Keybase, a service that allows users to identify themselves with a public encryption key, introduced its end-to-end encrypted chat feature back in February, but the Chrome extension – unveiled Wednesday – bridges the service’s chat functionality to apps such as Twitter, Facebook, and Reddit.
https://twitter.com/malgorithms/status/867438467390812160
The extension drops a round, blue button onto user profiles on services such as Reddit and GitHub. Once clicked, the button displays an embedded chat box – within the app – that allows Keybase users to message individuals, provided they’re also using Keybase.
According to a FAQ on the feature, posted Wednesday, the extension passes the text to Keybase, which encrypts the message, then sends it through the service’s chat feature. Even if a recipient hasn’t joined Keybase yet, the service claims it will encrypt any messages sent to the user and decrypt them whenever they join Keybase.
Similar to chat apps like WhatsApp and Signal, messages sent via Keybase can’t be read or retrieved by Keybase since they’re end-to-end encrypted.
“At no point in Keybase’s protocol does Keybase ever have the keys necessary to read your messages. This is end-to-end encryption, powered by the convenience of public social media usernames,” reads a description of the extension on the the Chrome Web Store.
Keybase verifies users through social media services such as Facebook, GitHub, Twitter, Reddit, and Ycombinator’s Hacker News site, meaning users on those platforms can now use Keybase’s encrypted chat feature to send messages.
According to Andrey Petrov, who helped develop the feature, the project blossomed out of an idea: “A ‘keybase chat reply’ button in Reddit threads.”
“Building on top of the extension menu, I prototyped a feature which passively queried Keybase whenever a profile was visited. If the profile had a Keybase account then the extension icon would light up,” Petrov wrote Thursday, “The idea was to increase the social proof impression of profiles which are also verified on Keybase.”
The extension relies on Chrome’s native messaging API, which speaks with a process that issues commands to Keybase.
“NativeMessaging works by running a whitelisted process (kbnm, written in Go) and communicating over STDIO,” Petrov wrote Thursday, “We whitelist the extension ID and binary path when the Keybase app gets installed. Other extensions can’t connect to it unless an explicit whitelist for their extension ID also is written to disk.”
https://twitter.com/shazow/status/867752923811524609
Petrov says support for other browsers “will come once things settle down a bit.” Until then can use open source code for the extension, made available on GitHub earlier this month, to experiment porting it to non-Chrome browsers.
Crypto experts, like Filippo Valsorda, who works on Cloudflare’s cryptography team, lauded the extension Wednesday.

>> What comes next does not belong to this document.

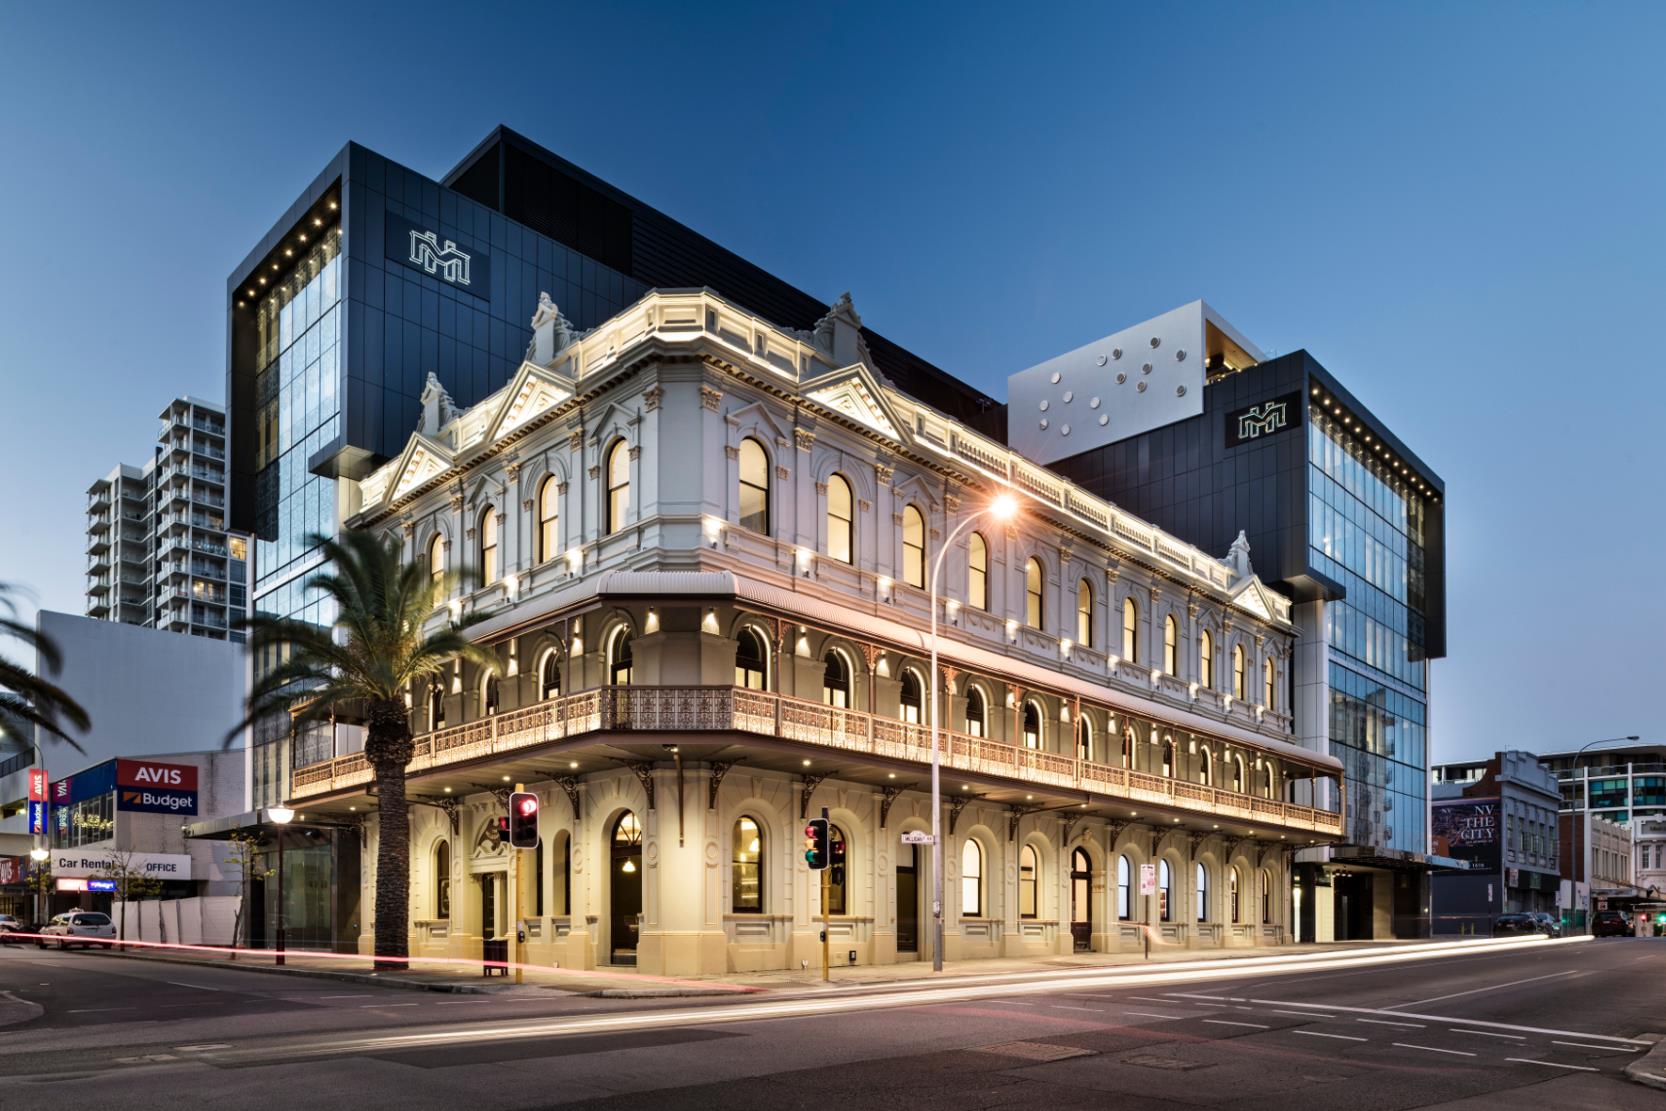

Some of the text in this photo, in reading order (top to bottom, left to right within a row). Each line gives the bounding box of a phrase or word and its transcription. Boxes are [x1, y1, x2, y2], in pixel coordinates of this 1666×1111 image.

Huh, @KeybaseIO basically built the encrypted DM Twitter never did. https://t.co/huxn937qsQ
— Filippo Valsorda @filippo.abyssdomain.expert (@FiloSottile) May 24, 2017
Currently direct messages on Twitter aren’t end-to-end encrypted. Jack Dorsey, the company’s CEO told NSA whistleblower Edward Snowden in a Q&A in December it would consider implementing a function.
reasonable and something we'll think about
— jack (@jack) December 14, 2016
Facebook rolled out end-to-end encryption for its Messenger service in July 2016 with a feature called Secret Conversations but it’s not on by default. On the mobile app users have to click the recipients’ name and click “Secret Conversation” in order for communications to be encrypted from one device to the other. The feature isn’t available via Facebook’s standalone website.
Keybase’s extension – assuming users are on the service – helps do away with the need to know a recipient’s personal information in order to communicate with them. Apps such as Signal and WhatsApp encrypt communications but in most instances a user still needs the recipient’s phone number or email address in order for those apps to find the right user.